## GIVEN RECORDS
####

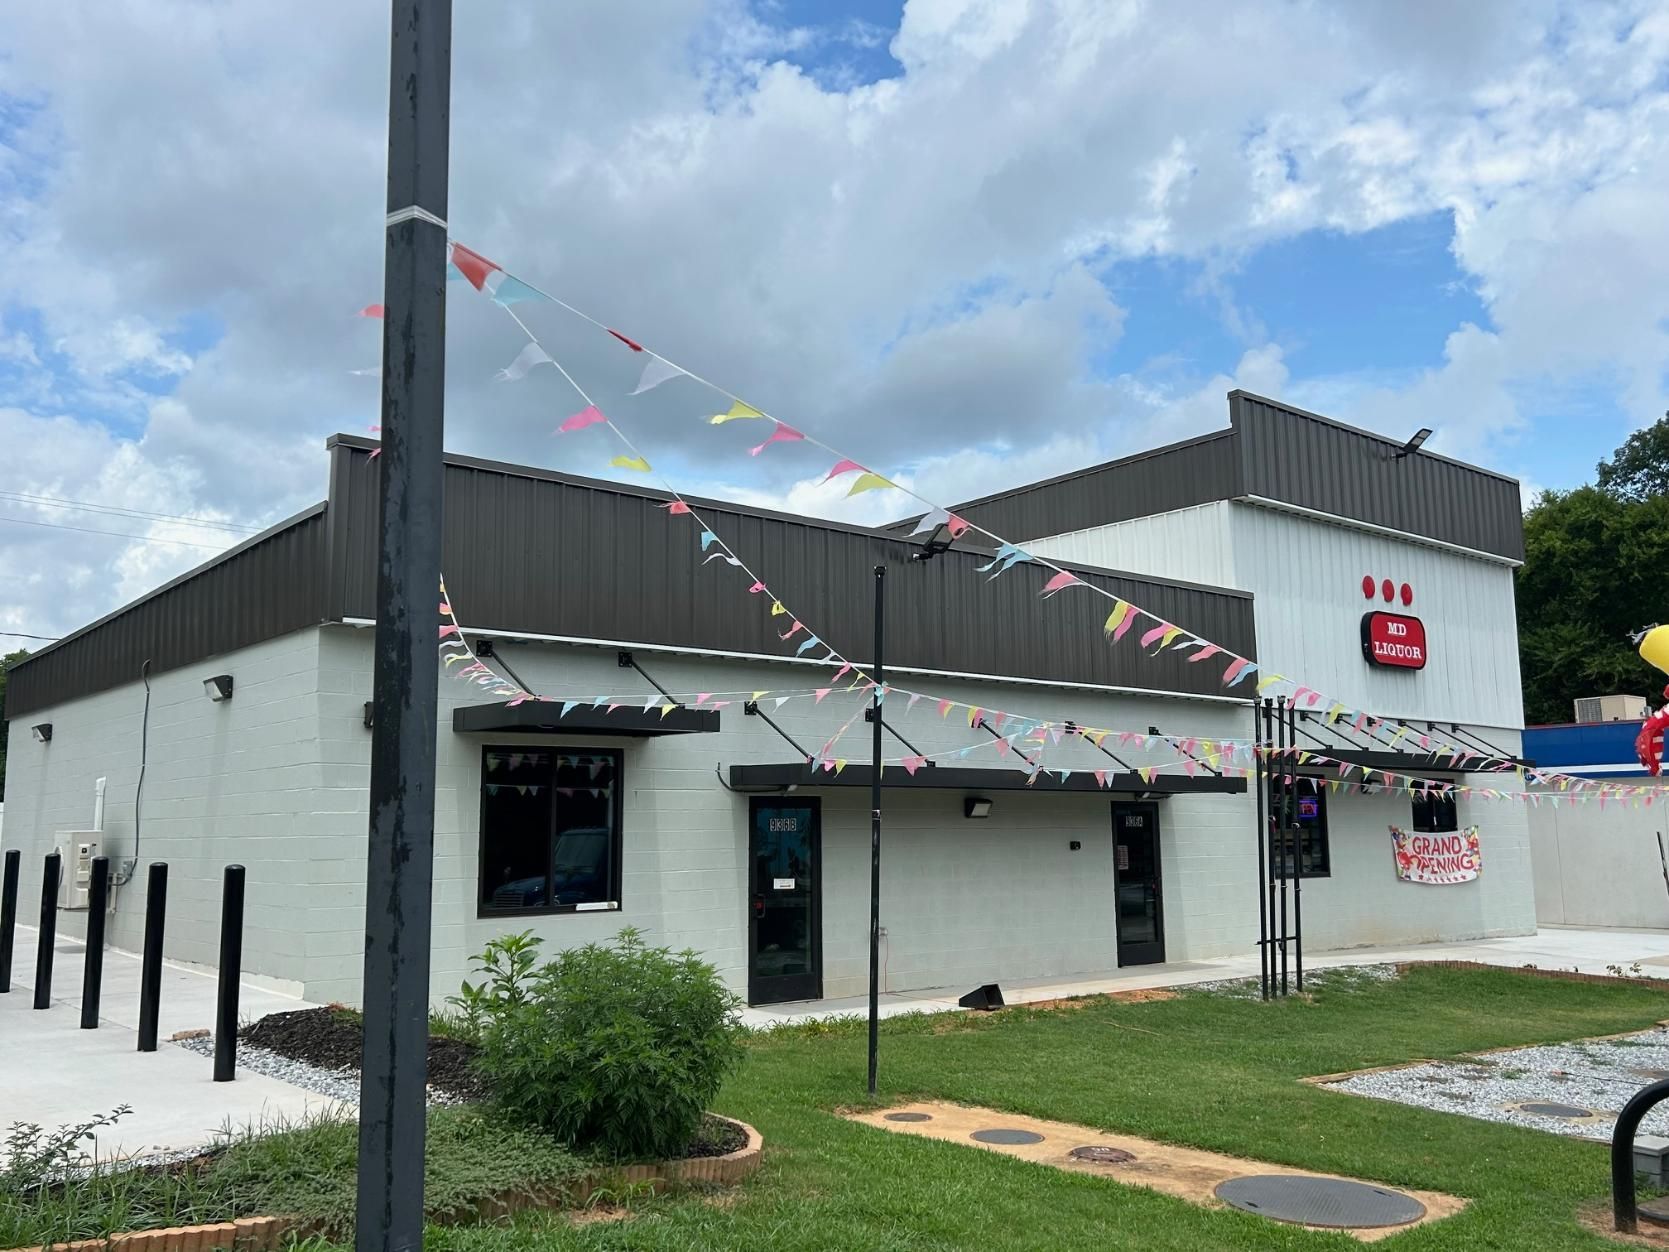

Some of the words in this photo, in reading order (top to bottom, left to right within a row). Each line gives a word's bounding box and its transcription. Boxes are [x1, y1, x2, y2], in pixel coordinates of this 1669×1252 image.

[1387, 622, 1407, 636] MD
[1374, 641, 1422, 659] LIQUOR
[769, 818, 797, 832] 936B
[1412, 836, 1462, 856] GRAND

####

## HOW TO COMPLETE THIS TASK
Repeat everything in the records above exactly, except the pictures.

## RESULT FOR THIS EXERCISE
Some of the words in this photo, in reading order (top to bottom, left to right within a row). Each line gives a word's bounding box and its transcription. Boxes are [x1, y1, x2, y2], in pixel coordinates of this 1669×1252 image.

[1387, 622, 1407, 636] MD
[1374, 641, 1422, 659] LIQUOR
[769, 818, 797, 832] 936B
[1412, 836, 1462, 856] GRAND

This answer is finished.